I’ll add it to the ‘general’ section of the useful links thread


----------



## Northerner (Jan 27, 2020)

everydayupsanddowns said:


> Good idea Lin
> 
> I’ll add it to the ‘general’ section of the useful links thread


Mike, I've added a link to the accompanying article to my OP


----------



## Lisa66 (Jan 27, 2020)

It’s amazing isn’t it, we tend to know these,  but then when you see them listed it makes you wonder how we ever work anything out. So thank you for posting the list, it’s a reminder to cut ourselves a bit of slack from time to time and not necessarily that we’ve got something wrong. 

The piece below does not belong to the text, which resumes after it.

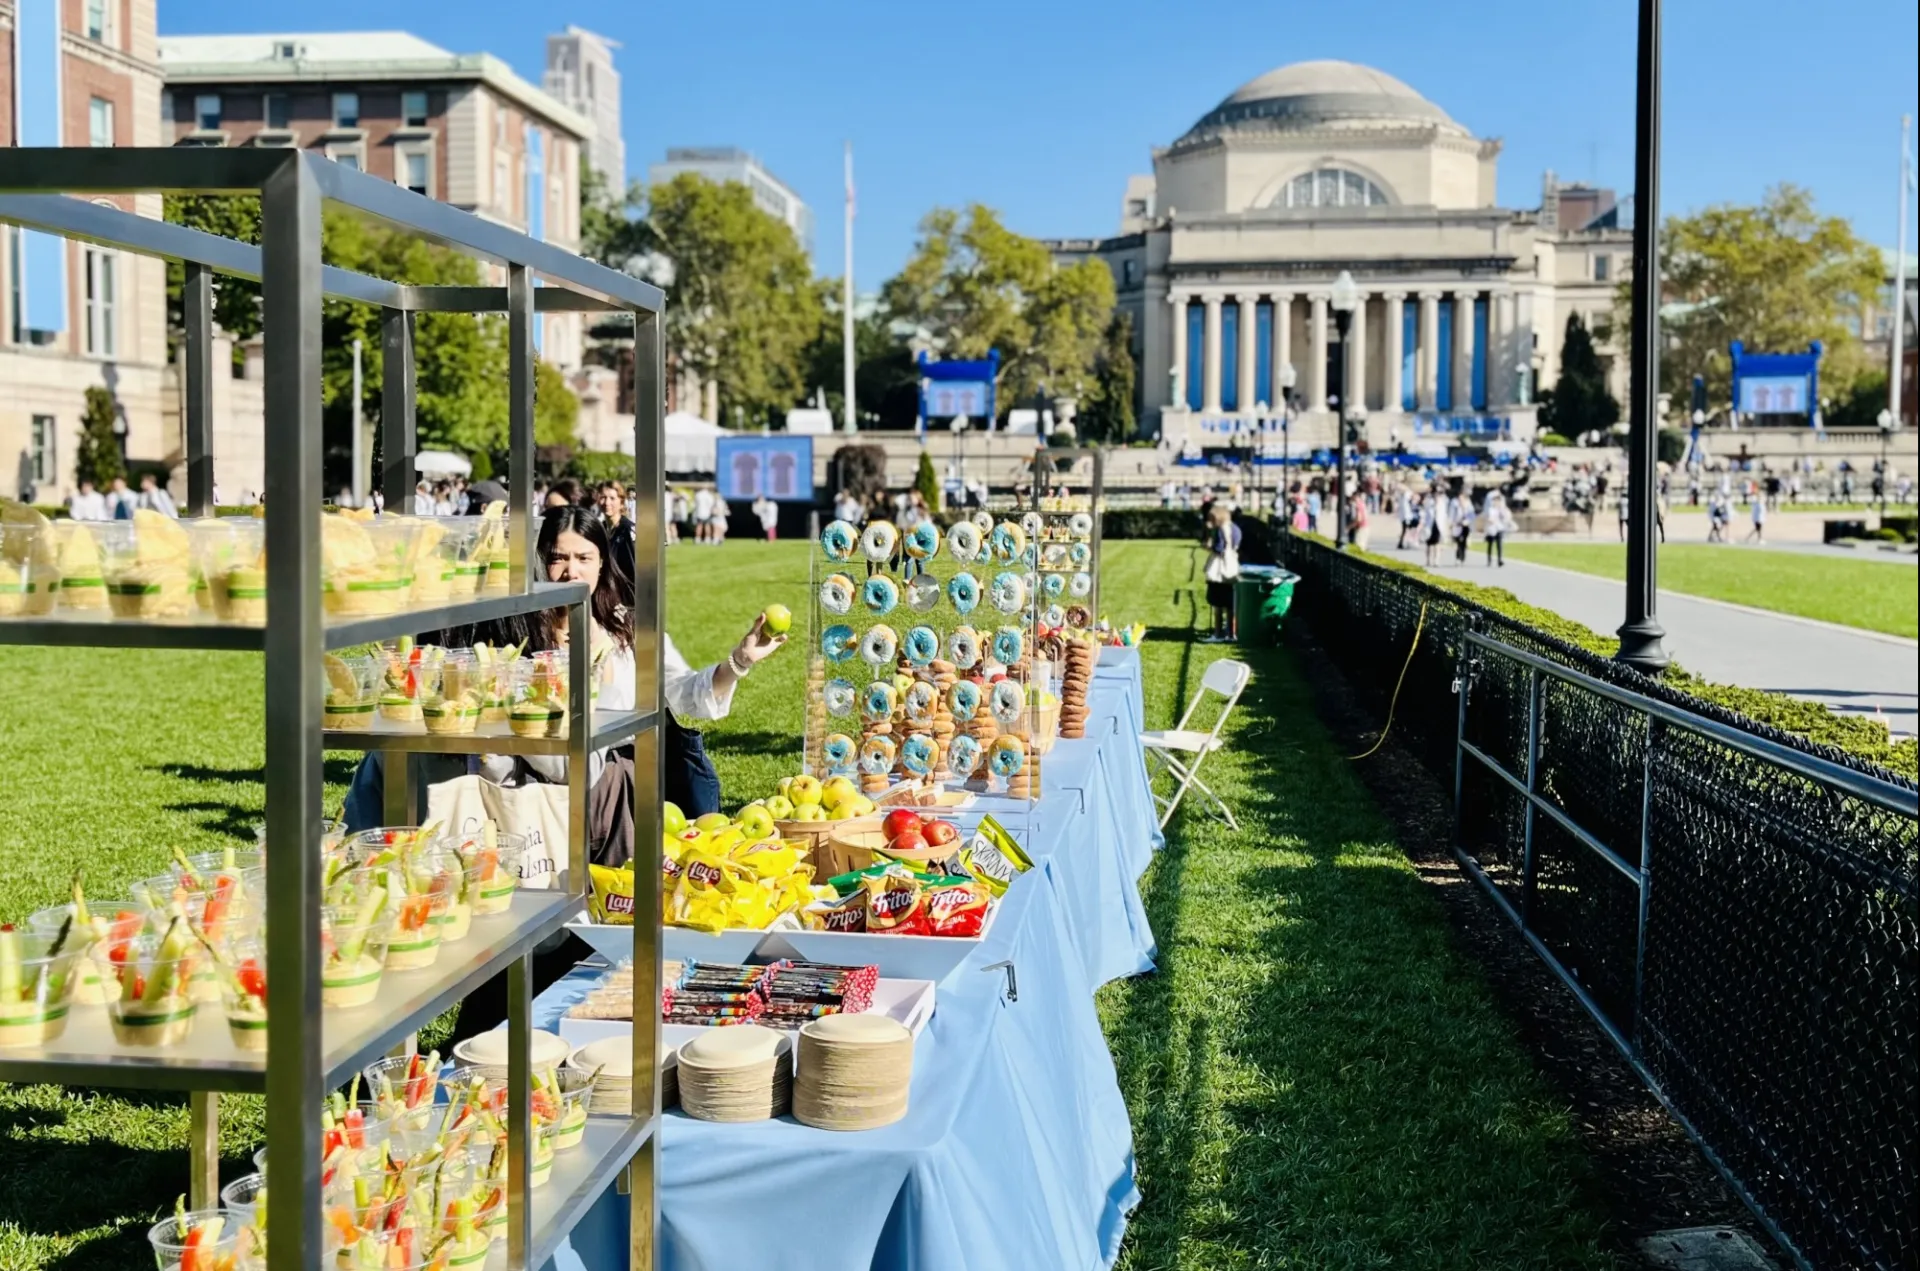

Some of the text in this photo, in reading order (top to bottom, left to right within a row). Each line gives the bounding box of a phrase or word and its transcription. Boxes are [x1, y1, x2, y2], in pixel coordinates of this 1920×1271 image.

Oh and when I’ve worked my way through this I often believe the direction of the wind or maybe my husband wearing odd socks may also have an influence


----------



## Sally71 (Jan 27, 2020)

My daughter went to the cinema with a friend and her mum on Saturday.  When they got back they said that she had had very high blood sugar, around 20. Now there could be many reasons for this, but the main one is that she had been at dance classes from 8.30 - 11 am, due to having almost constant hypos at dance classes in the past and finding that low TBRs didn't make much difference she now leaves her pump off for the whole time.  Which sometimes works perfectly, sometimes she still goes low despite having no pump on and sometimes she goes through the roof, we are finding it impossible to predict!  My response to the information was a shrug and “oh well, never mind” which the mum found rather amusing.  Well, as long as she gave herself a correction dose and didn't just ignore the situation it will come down again won't it!  Which she had done and was well on the way back down so there's nothing more to be said really.  It is a minefield though isn't it, and just when you think you've worked it all out something unexpected happens!


----------



## mikeyB (Jan 27, 2020)

Yup, Sally, there’s always the 43rd that isn’t listed. WTF???


----------



## Thebearcametoo (Jan 27, 2020)

I love that altitude is just ?? Yeah we don’t know either but something, sometimes. For some people? *shrug*


----------



## Sprogladite (Jan 27, 2020)

They forgot to include the Diabetes Fairy


----------



## Eddy Edson (Jan 27, 2020)

mikeyB said:


> Yup, Sally, there’s always the 43rd that isn’t listed. WTF???



"WTF" could have all the different coloured arrows


----------



## Sharron1 (Jan 27, 2020)

Obviously it would all have to be colour coordinated.


----------



## nonethewiser (Jan 27, 2020)

43rd, reading articles saying cure for type 1 has been found or on horizon.

Good list good find Northie.


----------



## C&E Guy (Jan 27, 2020)

Never heard about some of those.

Is that altitude in a really tall building or in an aeroplane?

Is that the American spelling of "coeliac"?


----------



## Robin (Jan 27, 2020)

C&E Guy said:


> Never heard about some of those.
> 
> Is that altitude in a really tall building or in an aeroplane?
> 
> Is that the American spelling of "coeliac"?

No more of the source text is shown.